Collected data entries
####################

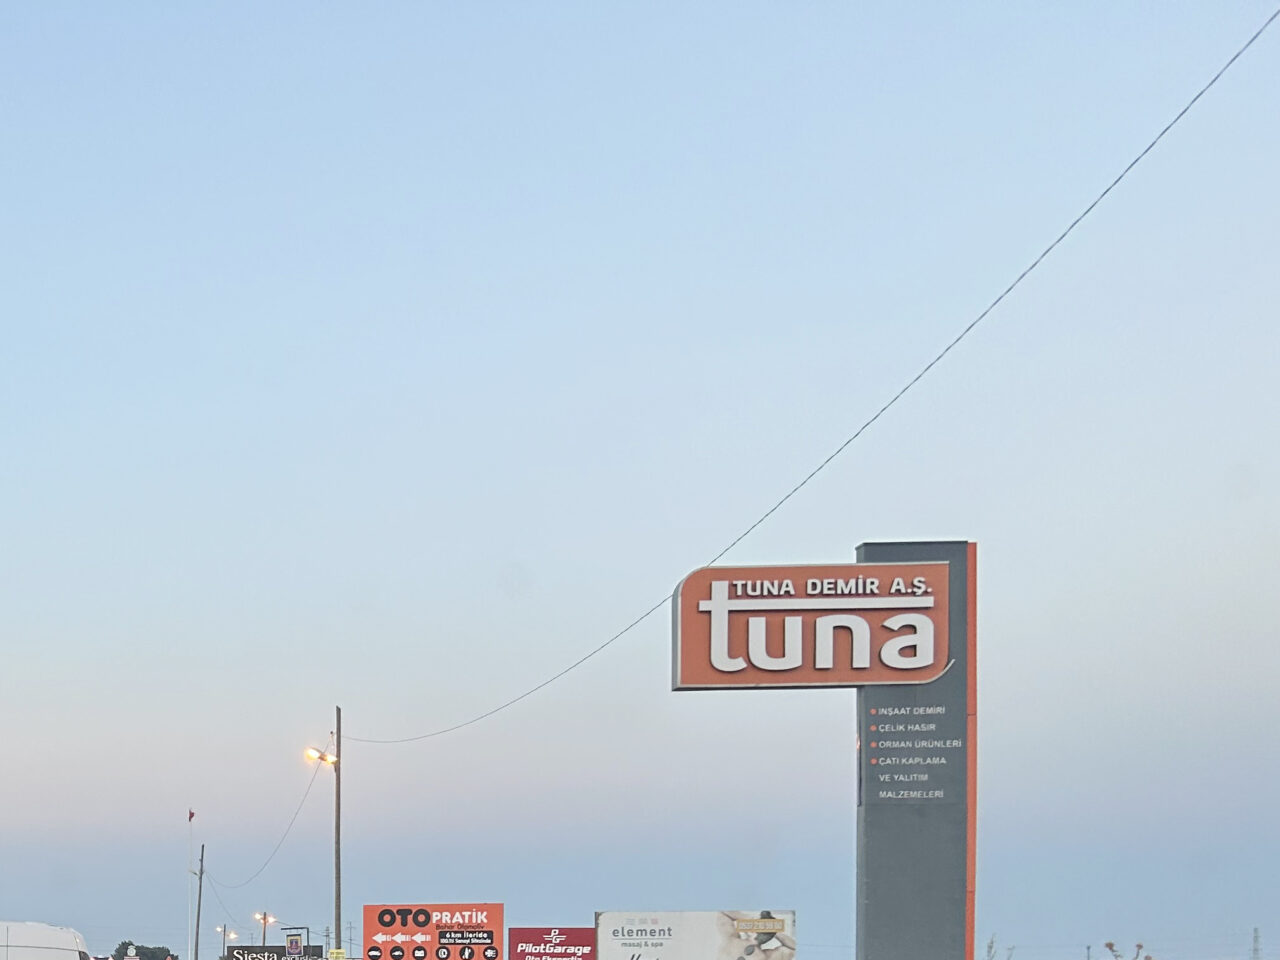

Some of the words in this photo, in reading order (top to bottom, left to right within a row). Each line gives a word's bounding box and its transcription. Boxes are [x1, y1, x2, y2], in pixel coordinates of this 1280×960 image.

[733, 579, 796, 596] TUNA
[807, 575, 880, 595] DEMİR
[890, 576, 933, 596] A.Ş.
[699, 580, 935, 672] tuna
[878, 723, 906, 732] ÇELİK
[907, 723, 936, 731] HASIR
[878, 740, 913, 748] ORMAN
[879, 789, 945, 798] MALZEMELERİ
[377, 908, 431, 928] OTO
[431, 909, 488, 924] PRATİK
[612, 926, 672, 937] element
[517, 943, 592, 956] PilotGarage
[621, 940, 642, 948] masaj
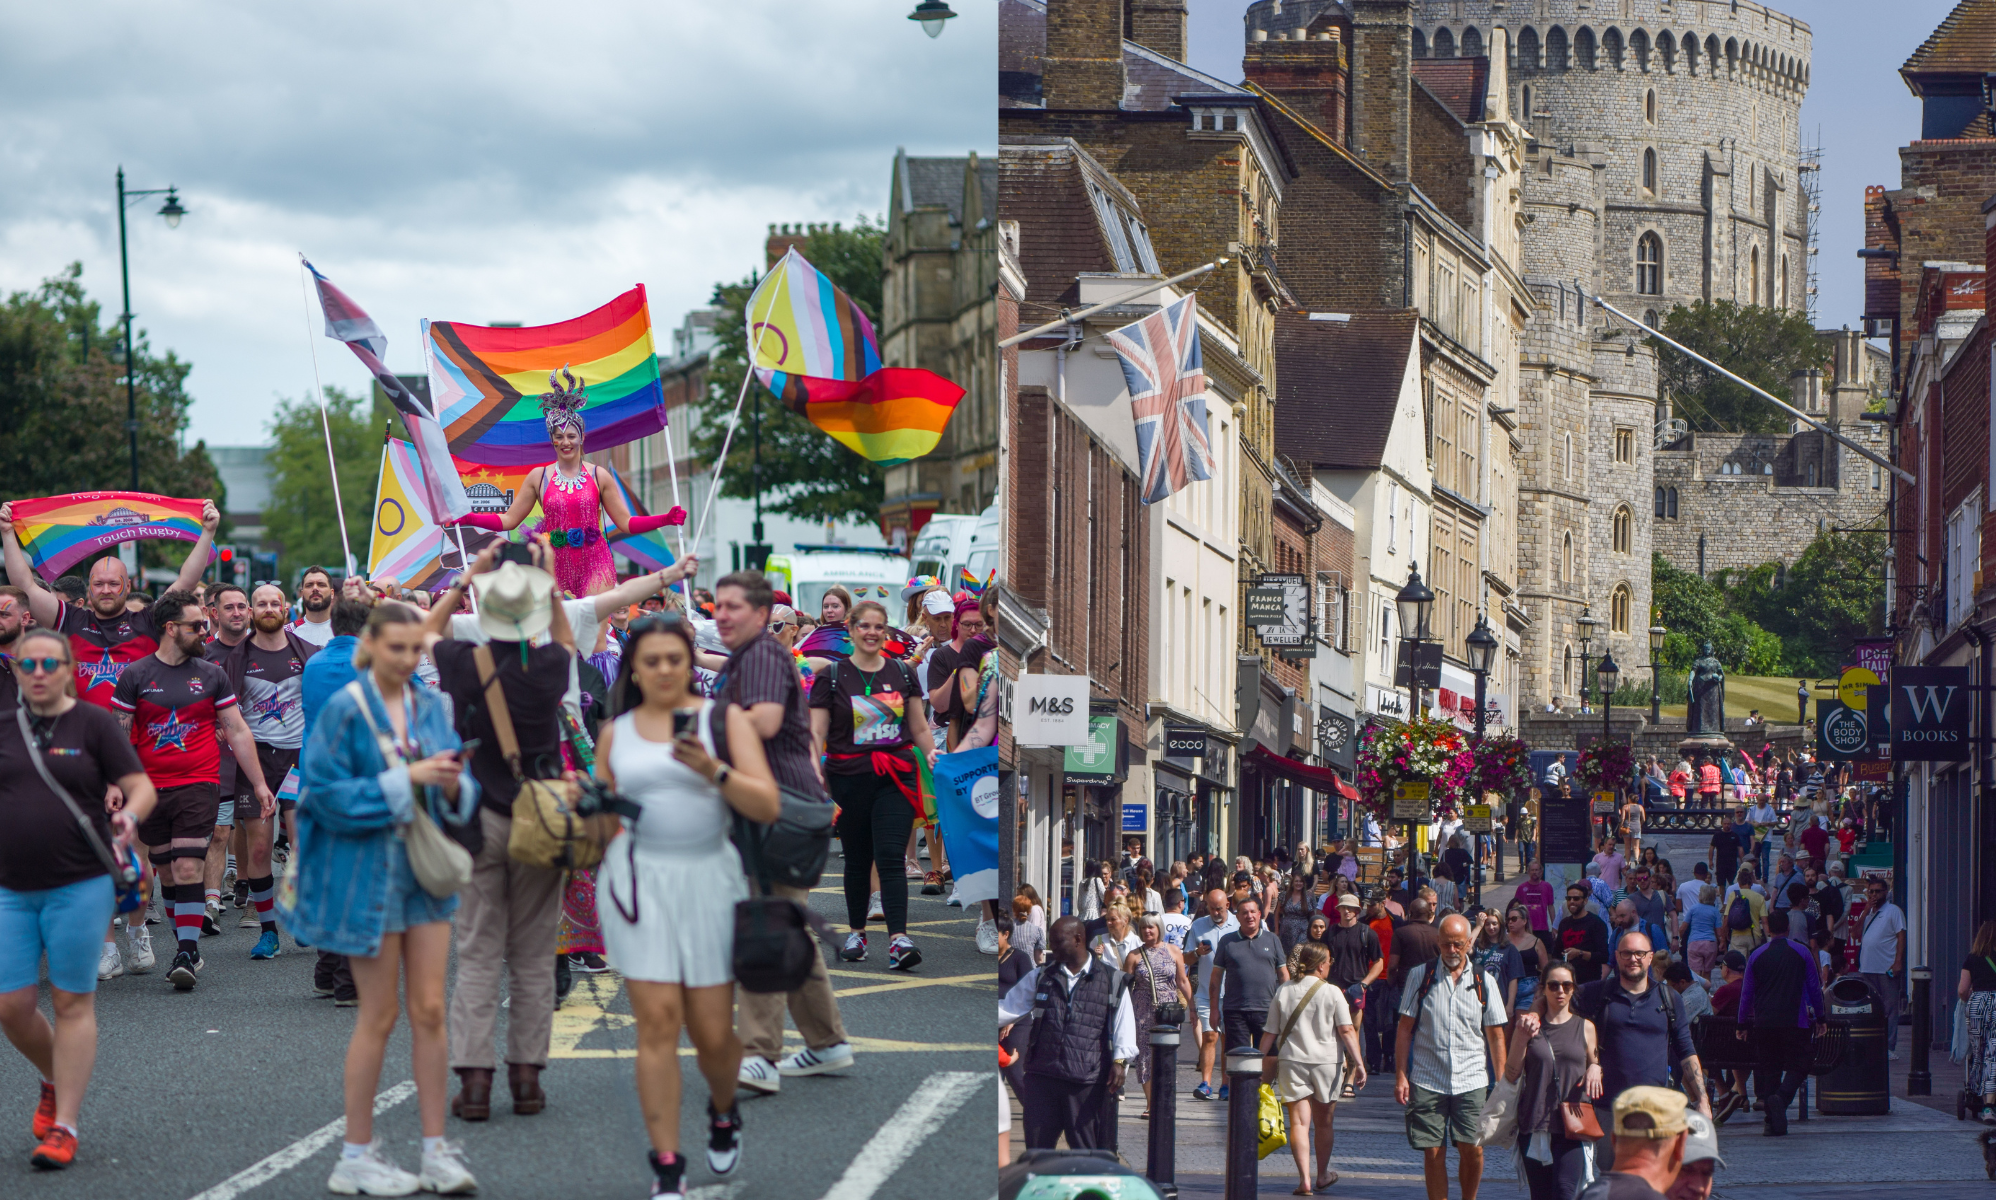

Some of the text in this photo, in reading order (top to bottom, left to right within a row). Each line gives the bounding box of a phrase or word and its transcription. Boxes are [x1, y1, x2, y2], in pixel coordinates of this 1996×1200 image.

[94, 527, 181, 546] Touch Rugby
[1031, 696, 1074, 714] M&S
[1902, 685, 1958, 724] W
[1319, 719, 1348, 734] BLACK SHEEP
[1833, 728, 1862, 736] BODY
[1835, 736, 1861, 745] SHOP
[1902, 730, 1958, 742] BOOKS
[1170, 740, 1203, 750] ecco
[1324, 737, 1346, 748] COFFEE
[953, 763, 998, 786] SUPPORTE
[1066, 776, 1108, 785] Superdrug
[956, 786, 968, 796] BY
[975, 794, 983, 804] BT

####################

* EXERCISE DETAILS
Give every line above again exactly, omitting whatever pictures appear.

* EXPECTED ANSWER
Some of the words in this photo, in reading order (top to bottom, left to right within a row). Each line gives a word's bounding box and its transcription. Boxes are [x1, y1, x2, y2], in pixel coordinates of this 1280×960 image.

[733, 579, 796, 596] TUNA
[807, 575, 880, 595] DEMİR
[890, 576, 933, 596] A.Ş.
[699, 580, 935, 672] tuna
[878, 723, 906, 732] ÇELİK
[907, 723, 936, 731] HASIR
[878, 740, 913, 748] ORMAN
[879, 789, 945, 798] MALZEMELERİ
[377, 908, 431, 928] OTO
[431, 909, 488, 924] PRATİK
[612, 926, 672, 937] element
[517, 943, 592, 956] PilotGarage
[621, 940, 642, 948] masaj

Some of the text in this photo, in reading order (top to bottom, left to right within a row). Each line gives the bounding box of a phrase or word and its transcription. Boxes are [x1, y1, x2, y2], in pixel coordinates of this 1996×1200 image.

[94, 527, 181, 546] Touch Rugby
[1031, 696, 1074, 714] M&S
[1902, 685, 1958, 724] W
[1319, 719, 1348, 734] BLACK SHEEP
[1833, 728, 1862, 736] BODY
[1835, 736, 1861, 745] SHOP
[1902, 730, 1958, 742] BOOKS
[1170, 740, 1203, 750] ecco
[1324, 737, 1346, 748] COFFEE
[953, 763, 998, 786] SUPPORTE
[1066, 776, 1108, 785] Superdrug
[956, 786, 968, 796] BY
[975, 794, 983, 804] BT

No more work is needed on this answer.